Given data Block Start

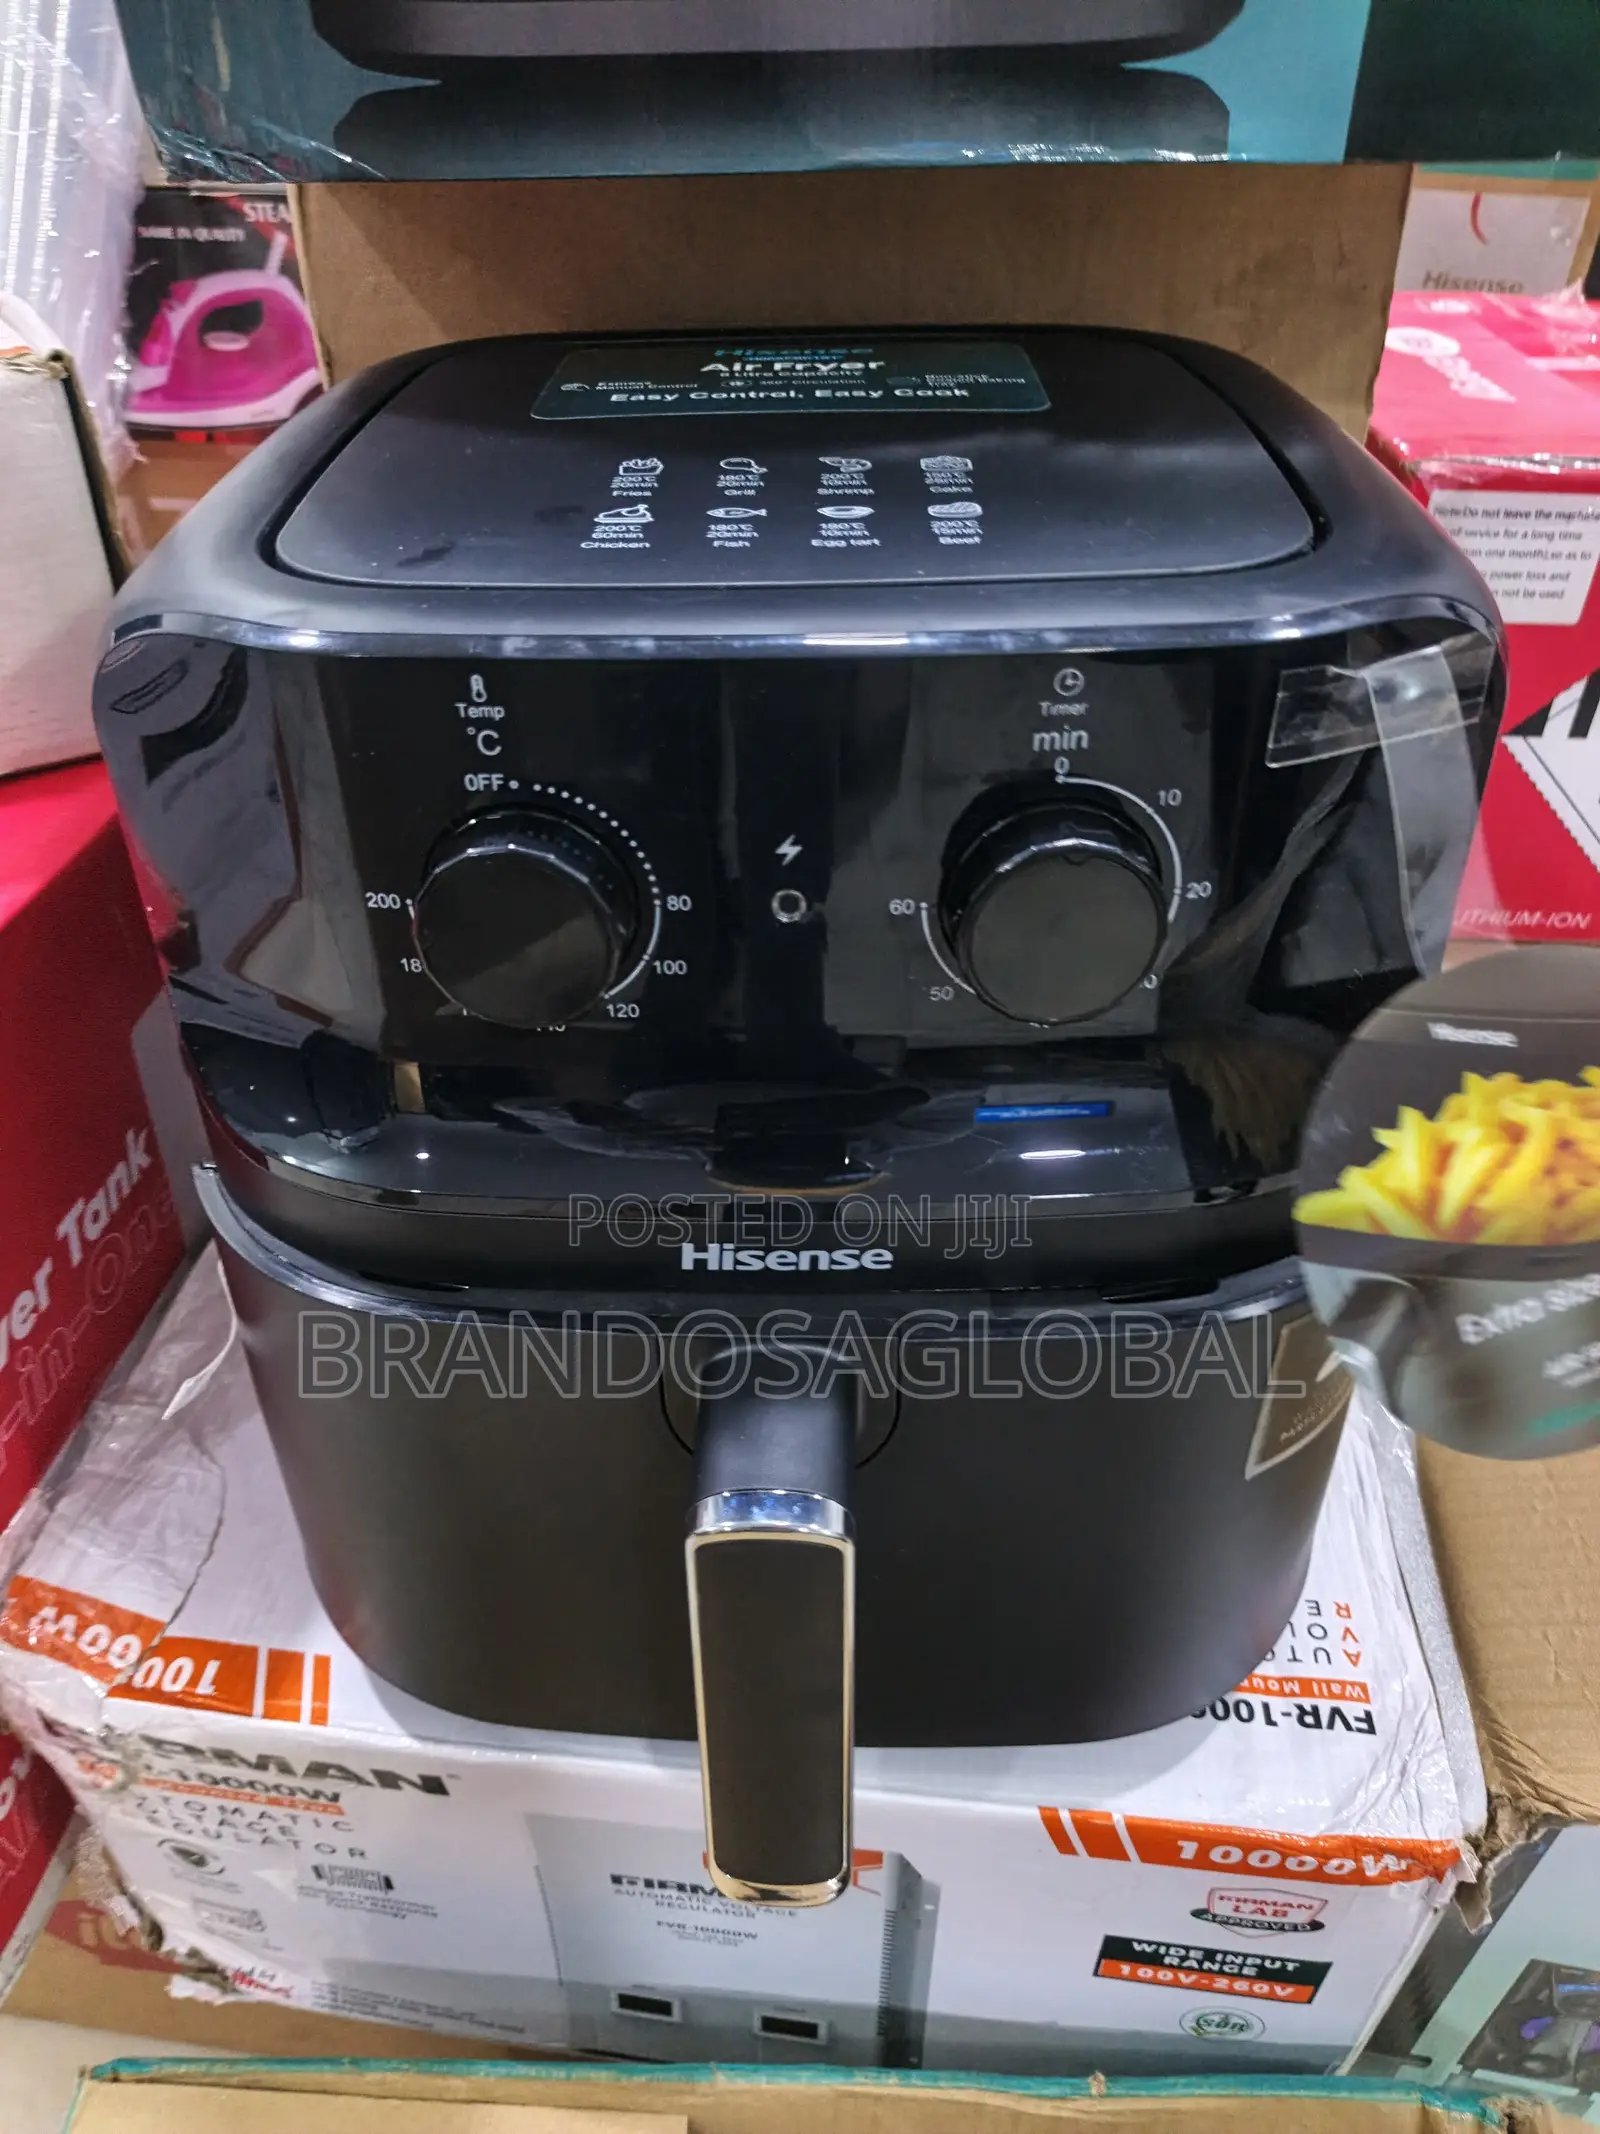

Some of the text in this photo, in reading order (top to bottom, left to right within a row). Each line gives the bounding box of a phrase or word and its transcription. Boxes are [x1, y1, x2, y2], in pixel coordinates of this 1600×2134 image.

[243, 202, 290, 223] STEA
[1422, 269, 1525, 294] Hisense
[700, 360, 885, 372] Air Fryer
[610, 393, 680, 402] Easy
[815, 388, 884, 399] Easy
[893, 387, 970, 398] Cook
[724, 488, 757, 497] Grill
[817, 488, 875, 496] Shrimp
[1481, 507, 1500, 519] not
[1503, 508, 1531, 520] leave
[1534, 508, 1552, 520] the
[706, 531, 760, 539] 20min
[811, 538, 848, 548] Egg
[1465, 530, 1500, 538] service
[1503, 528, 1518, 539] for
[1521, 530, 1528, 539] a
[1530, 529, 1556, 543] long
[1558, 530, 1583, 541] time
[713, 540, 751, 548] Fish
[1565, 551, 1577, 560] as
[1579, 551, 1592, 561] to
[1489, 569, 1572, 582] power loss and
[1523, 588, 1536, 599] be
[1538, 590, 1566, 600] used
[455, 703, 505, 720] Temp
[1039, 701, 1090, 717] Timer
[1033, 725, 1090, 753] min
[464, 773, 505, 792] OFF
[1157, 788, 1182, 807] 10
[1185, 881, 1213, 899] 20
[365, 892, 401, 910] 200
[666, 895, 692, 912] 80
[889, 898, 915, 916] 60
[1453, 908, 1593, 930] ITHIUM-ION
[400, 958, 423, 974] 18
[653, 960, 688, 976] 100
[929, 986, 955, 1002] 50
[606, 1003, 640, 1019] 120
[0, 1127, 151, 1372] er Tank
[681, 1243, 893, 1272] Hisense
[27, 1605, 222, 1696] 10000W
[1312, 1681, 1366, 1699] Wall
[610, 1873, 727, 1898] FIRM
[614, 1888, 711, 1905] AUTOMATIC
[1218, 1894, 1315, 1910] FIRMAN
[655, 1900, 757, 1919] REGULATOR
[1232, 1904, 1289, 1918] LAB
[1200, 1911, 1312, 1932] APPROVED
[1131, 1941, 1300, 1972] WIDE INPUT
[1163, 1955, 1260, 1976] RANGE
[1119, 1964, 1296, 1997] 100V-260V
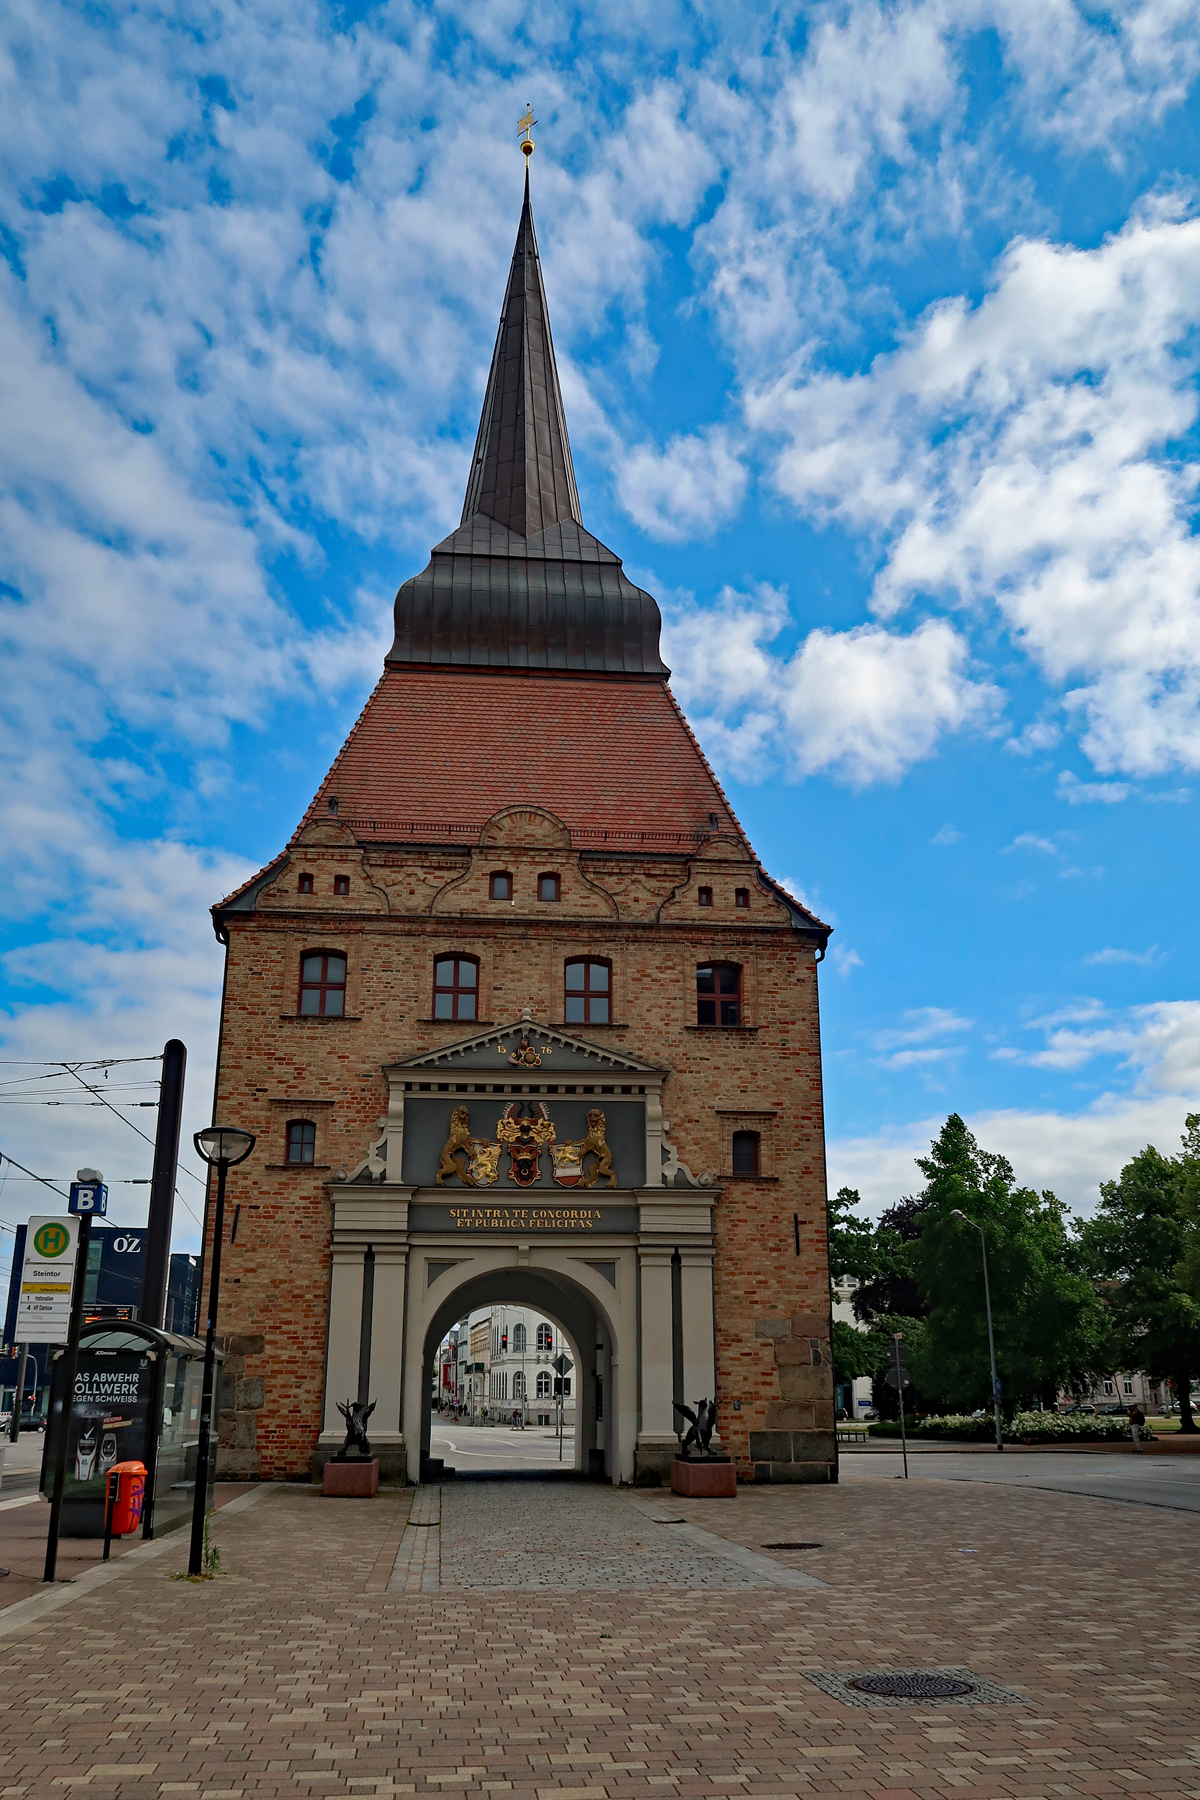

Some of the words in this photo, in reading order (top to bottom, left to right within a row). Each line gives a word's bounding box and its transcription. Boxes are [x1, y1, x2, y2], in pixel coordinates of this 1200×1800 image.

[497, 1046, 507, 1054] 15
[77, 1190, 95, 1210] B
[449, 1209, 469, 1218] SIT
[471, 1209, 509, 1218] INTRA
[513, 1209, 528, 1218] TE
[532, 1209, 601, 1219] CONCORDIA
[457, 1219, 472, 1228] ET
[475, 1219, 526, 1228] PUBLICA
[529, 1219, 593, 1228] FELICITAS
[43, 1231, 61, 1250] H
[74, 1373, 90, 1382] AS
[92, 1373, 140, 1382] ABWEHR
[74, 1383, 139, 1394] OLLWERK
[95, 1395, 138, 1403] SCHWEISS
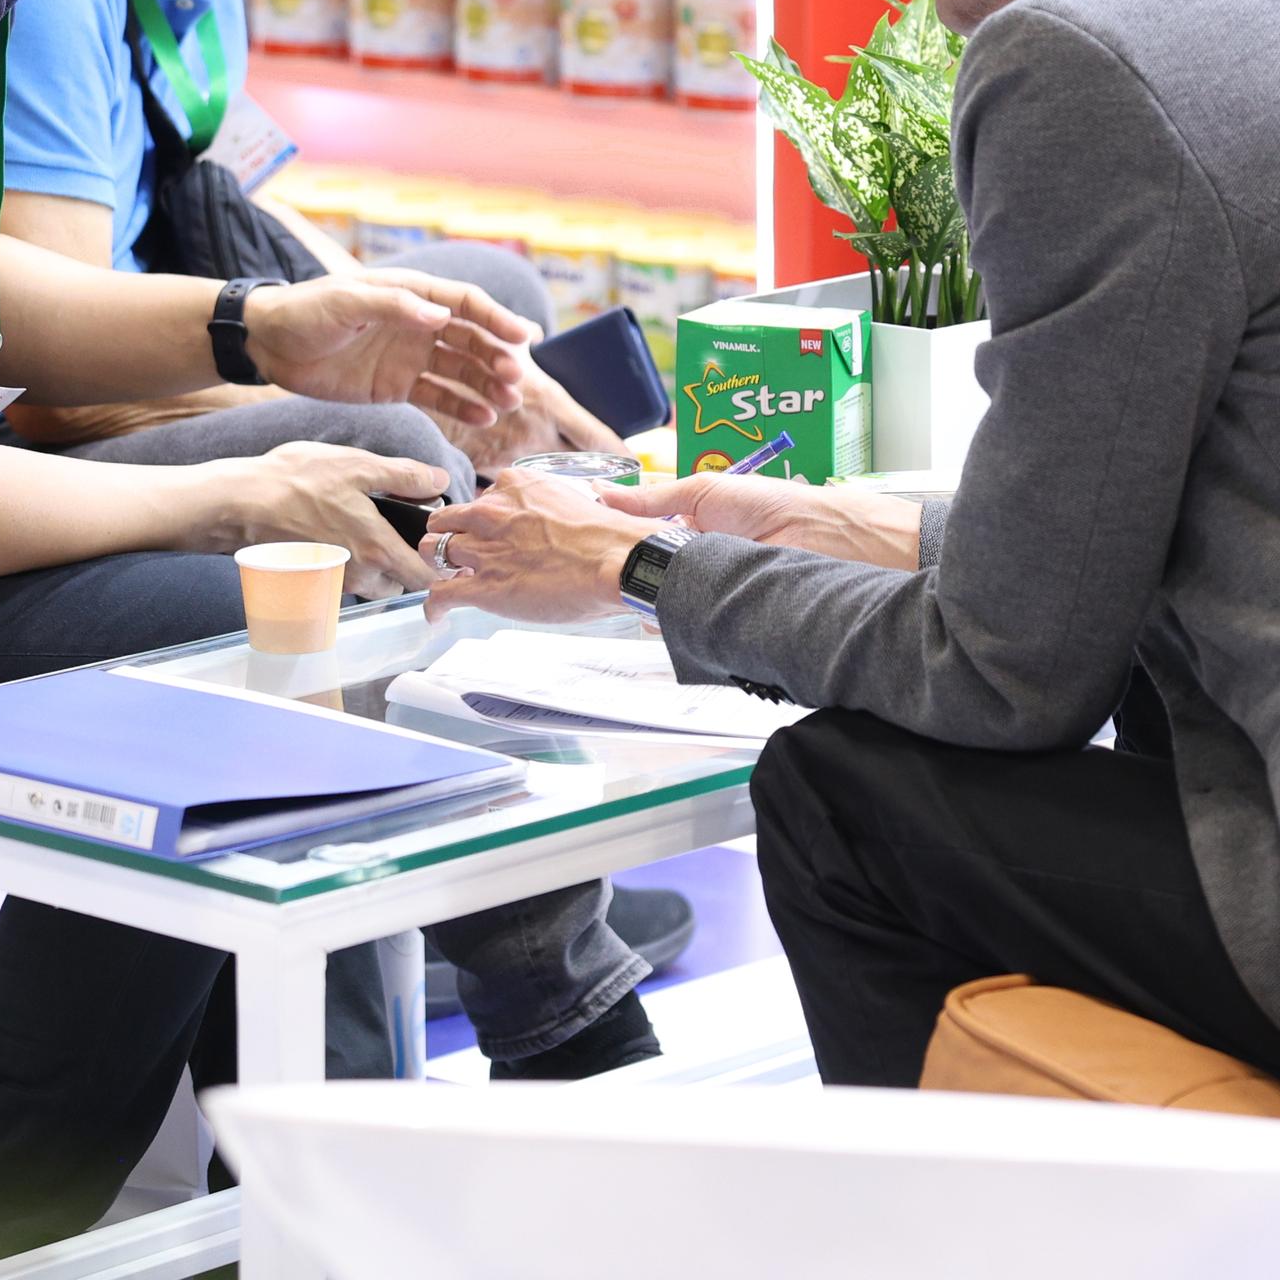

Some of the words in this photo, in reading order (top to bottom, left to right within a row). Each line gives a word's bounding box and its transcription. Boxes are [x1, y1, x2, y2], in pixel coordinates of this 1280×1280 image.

Given data Block End

- Exercise instructions
Could the entries above be returned verbatim, with no pictures included?

- Reply
Some of the text in this photo, in reading order (top to bottom, left to right within a row). Each line gives the bounding box of a phrase or word and its transcription. Boxes are [x1, y1, x2, y2], in pixel coordinates of this 1600×2134 image.

[243, 202, 290, 223] STEA
[1422, 269, 1525, 294] Hisense
[700, 360, 885, 372] Air Fryer
[610, 393, 680, 402] Easy
[815, 388, 884, 399] Easy
[893, 387, 970, 398] Cook
[724, 488, 757, 497] Grill
[817, 488, 875, 496] Shrimp
[1481, 507, 1500, 519] not
[1503, 508, 1531, 520] leave
[1534, 508, 1552, 520] the
[706, 531, 760, 539] 20min
[811, 538, 848, 548] Egg
[1465, 530, 1500, 538] service
[1503, 528, 1518, 539] for
[1521, 530, 1528, 539] a
[1530, 529, 1556, 543] long
[1558, 530, 1583, 541] time
[713, 540, 751, 548] Fish
[1565, 551, 1577, 560] as
[1579, 551, 1592, 561] to
[1489, 569, 1572, 582] power loss and
[1523, 588, 1536, 599] be
[1538, 590, 1566, 600] used
[455, 703, 505, 720] Temp
[1039, 701, 1090, 717] Timer
[1033, 725, 1090, 753] min
[464, 773, 505, 792] OFF
[1157, 788, 1182, 807] 10
[1185, 881, 1213, 899] 20
[365, 892, 401, 910] 200
[666, 895, 692, 912] 80
[889, 898, 915, 916] 60
[1453, 908, 1593, 930] ITHIUM-ION
[400, 958, 423, 974] 18
[653, 960, 688, 976] 100
[929, 986, 955, 1002] 50
[606, 1003, 640, 1019] 120
[0, 1127, 151, 1372] er Tank
[681, 1243, 893, 1272] Hisense
[27, 1605, 222, 1696] 10000W
[1312, 1681, 1366, 1699] Wall
[610, 1873, 727, 1898] FIRM
[614, 1888, 711, 1905] AUTOMATIC
[1218, 1894, 1315, 1910] FIRMAN
[655, 1900, 757, 1919] REGULATOR
[1232, 1904, 1289, 1918] LAB
[1200, 1911, 1312, 1932] APPROVED
[1131, 1941, 1300, 1972] WIDE INPUT
[1163, 1955, 1260, 1976] RANGE
[1119, 1964, 1296, 1997] 100V-260V

Some of the words in this photo, in reading order (top to bottom, left to right within a row). Each line gives a word's bounding box and its transcription. Boxes are [x1, y1, x2, y2], in pixel coordinates of this 1200×1800 image.

[497, 1046, 507, 1054] 15
[77, 1190, 95, 1210] B
[449, 1209, 469, 1218] SIT
[471, 1209, 509, 1218] INTRA
[513, 1209, 528, 1218] TE
[532, 1209, 601, 1219] CONCORDIA
[457, 1219, 472, 1228] ET
[475, 1219, 526, 1228] PUBLICA
[529, 1219, 593, 1228] FELICITAS
[43, 1231, 61, 1250] H
[74, 1373, 90, 1382] AS
[92, 1373, 140, 1382] ABWEHR
[74, 1383, 139, 1394] OLLWERK
[95, 1395, 138, 1403] SCHWEISS

Some of the words in this photo, in reading order (top to bottom, left to right within a row). Each line gives a word's bounding box and its transcription. Boxes are [x1, y1, x2, y2], in pixel coordinates of this 1280×1280 image.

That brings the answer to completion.